Featured Guest Blogger
March 1st, 2010
Adria B. Martinelli is a Labor & Employment lawyer, representing and counseling employers and management regarding all types of employment matters. She specializes in pregnancy and family responsibility discrimination, and has presented on these topics to national audiences. Please note that the views of our guest bloggers do not necessarily reflect the views of the Sloan Work and Family Research Network.
In November of 2009, the Genetic Information Nondiscrimination Act went into effect. Title II of the Act, which applies to employers, amends Title VII to prohibit employment discrimination on the basis of genetic information. The Act was intended to address a very specific concern that the advancement of genetic science would lead to employment (and insurance) discrimination based on an individual’s potential to contract a certain disease, and reflected in genetic markers. However, the language of the Act has a far broader reach, and one which may well become one of the more useful weapons in the work-family arsenal.
GINA’s Bite May Be Bigger than Its Bark
GINA has been ballyhooed by many as a “solution in search of a problem” in light of the fact that (1) similar state laws have existed for years without a single case filed under them and (2) the lack of evidence that employers in large numbers were seeking out genetic information on their employees, due to its expense and incremental value as a predictor at this stage of scientific advancement.
The key to GINA’s applicability to work-family/caregiver scenarios is in its definition of “genetic information,” which includes “the genetic tests of family members [of the employee]” and “the manifestation of a disease or disorder in family members [of the employee].” “Family member,” in turn, is defined as “a dependent as used for purposes of ERISA,” and up to a fourth-degree relative (i.e., great-great grandparents and all cousins, aunts, and uncles in between). Notably, the scope includes adoptive children and parents, whose genes are entirely unrelated to the employees’. It is also notable that the “manifestation of a disease or disorder in family members” is not limited to those diseases with genetic markers.

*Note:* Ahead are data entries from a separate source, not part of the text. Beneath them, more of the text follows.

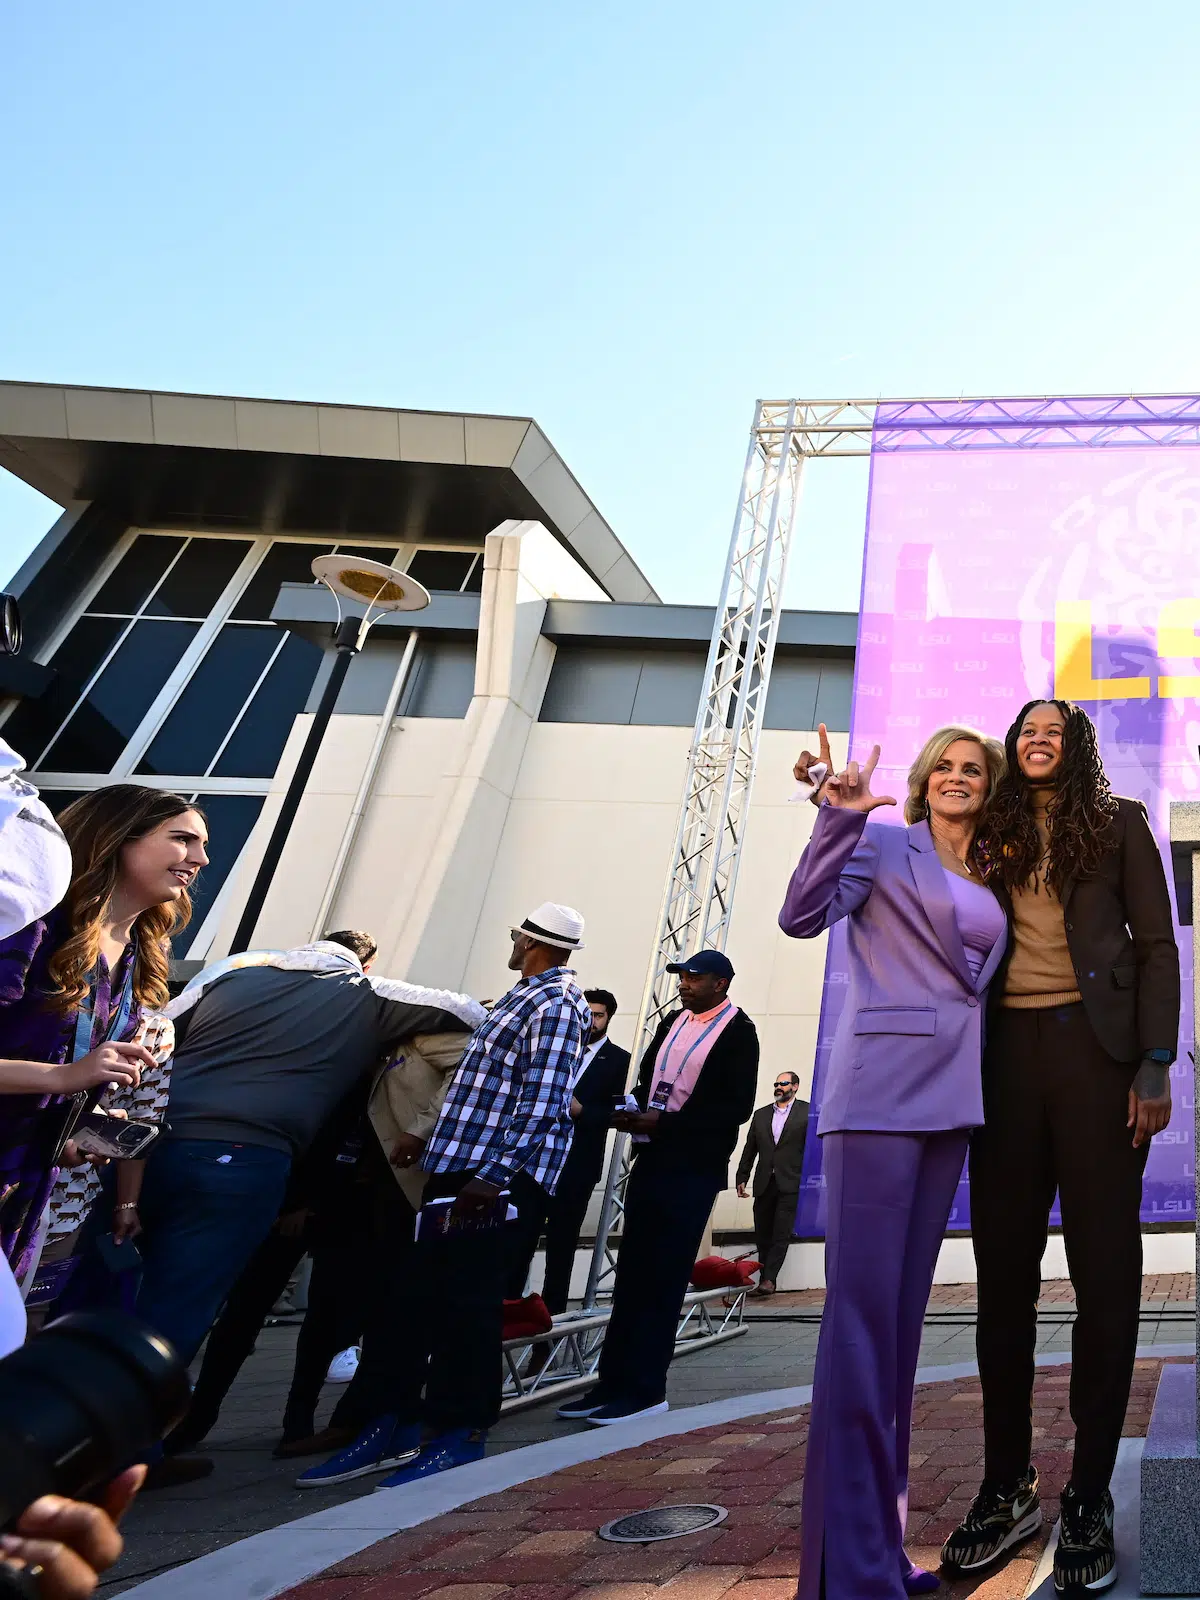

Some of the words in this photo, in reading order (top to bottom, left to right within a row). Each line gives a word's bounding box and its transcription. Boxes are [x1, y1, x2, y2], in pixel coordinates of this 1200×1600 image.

[918, 634, 951, 646] LSU
[982, 632, 1016, 644] LSU
[890, 662, 923, 673] LSU
[954, 661, 988, 672] LSU
[916, 687, 949, 699] LSU
[980, 687, 1015, 698] LSU
[887, 715, 920, 726] LSU
[953, 715, 985, 726] LSU
[1152, 1131, 1189, 1145] LSU
[1153, 1200, 1191, 1213] LSU

While this potential is frightening enough, for employees with family members already manifesting a disease, the consequences and implications are present and real. Many fear, and perhaps rightfully so, that an employer would have several concerns related to such an employee, including (1) the cost to the employer if family member is covered on health plan; (2) the employee will be less productive because of caring for a loved one with a disease; or lastly, (3) that the employee will develop the disease. While it appears that it is only the third issue that Congress was attempting to address with GINA, the Act’s reach expands to the other areas as well.
GINA’s Application to Caregiver Scenarios
With the exception of a handful of municipalities, caregivers are not protected as a class. Under current law, caregivers may be able to assert claims under three different statutes, each limited in their reach:
1) Title VII sex discrimination: female caregivers of young children may be able to assert sex discrimination claims where they are treated differently then male employees based on a bias or assumption about the woman’s caregiving responsibilities;
2) FMLA Interference/Retaliation: if the employer has more than 50 employees and the employee meets other criteria for coverage under FMLA, the employee may have an interference or retaliation claim under FMLA;
3) Association Provision of ADA: the employee cannot be discriminated against because of the disability of an individual with whom the worker has a relationship or association.

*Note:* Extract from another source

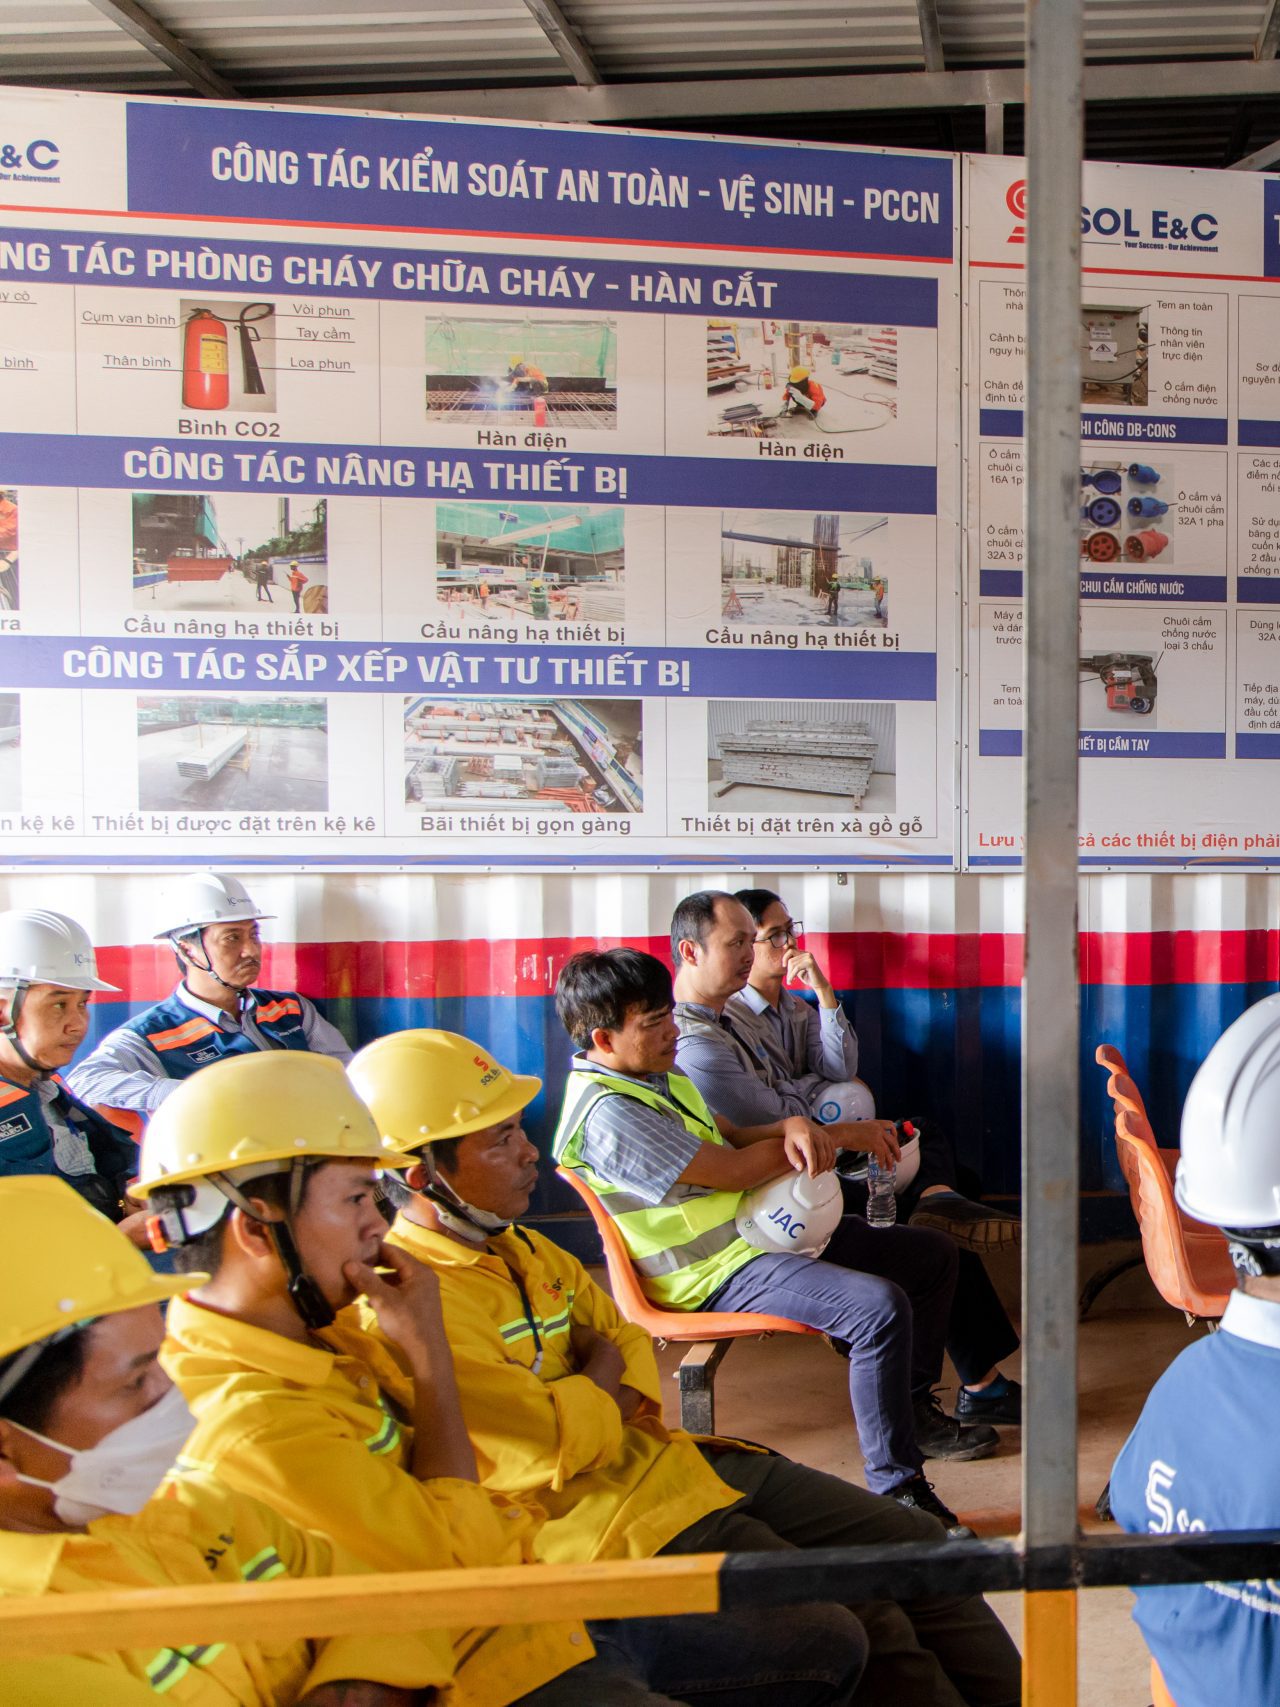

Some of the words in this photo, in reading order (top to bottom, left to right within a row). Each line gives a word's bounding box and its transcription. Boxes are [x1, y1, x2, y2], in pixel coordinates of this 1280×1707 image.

Claims under these statutes are limited. First, to present a sex discrimination claim, the plaintiff (usually a woman) has to present a very specific set of facts reflecting that she was treated differently based on assumption about her role as a caregiver/parent. FMLA has limited application, including employers with 50 or more employees, and a plaintiff who has been employed for more than 12 months, among other restrictions.
ADA associational claims have never really caught hold and there have been very few cases brought under this theory, even fewer brought successfully. Moreover, in order to bring an ADA associational claim, the plaintiff must first show that the loved one has an impairment, or is perceived as having an impairment, and that it meets the definition of “disability.”
Given the limitations of existing causes of action, GINA provides an important additional layer of protection for caregivers.
Bottom Line
GINA is likely to be a valuable add-on to existing statutes applicable in caregiving situations. These scenarios present highly sympathetic plaintiffs, and juries ready to find employers culpable of economic incentives. GINA may just be the hook many caregivers need to grab onto a claim, and its reach in this regard should not be underestimated.